▸ **EXERCISE INPUT**
----

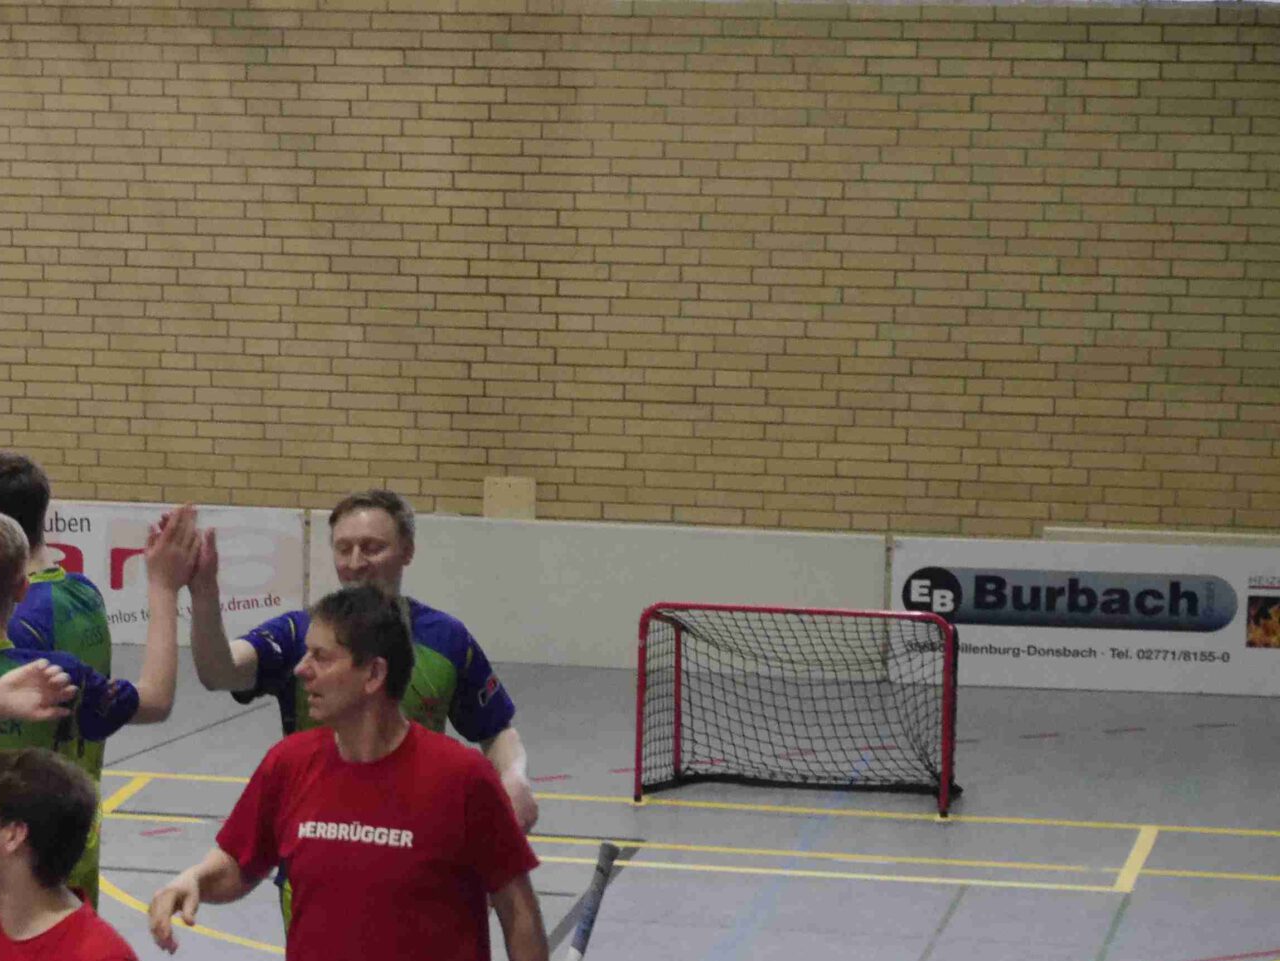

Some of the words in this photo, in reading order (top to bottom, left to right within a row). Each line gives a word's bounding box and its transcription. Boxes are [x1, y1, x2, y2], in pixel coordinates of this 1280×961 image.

[973, 573, 1200, 618] Burbach
[959, 642, 1098, 660] illenburg-Donsbach
[1109, 646, 1134, 660] Tel.
[1136, 648, 1231, 664] 02771/8155-0

----

▸ **EXERCISE DIRECTIONS**
Each entry above should be returned exactly as written, minus its pictures.

▸ **REPLY TO THE TASK**
Some of the words in this photo, in reading order (top to bottom, left to right within a row). Each line gives a word's bounding box and its transcription. Boxes are [x1, y1, x2, y2], in pixel coordinates of this 1280×961 image.

[973, 573, 1200, 618] Burbach
[959, 642, 1098, 660] illenburg-Donsbach
[1109, 646, 1134, 660] Tel.
[1136, 648, 1231, 664] 02771/8155-0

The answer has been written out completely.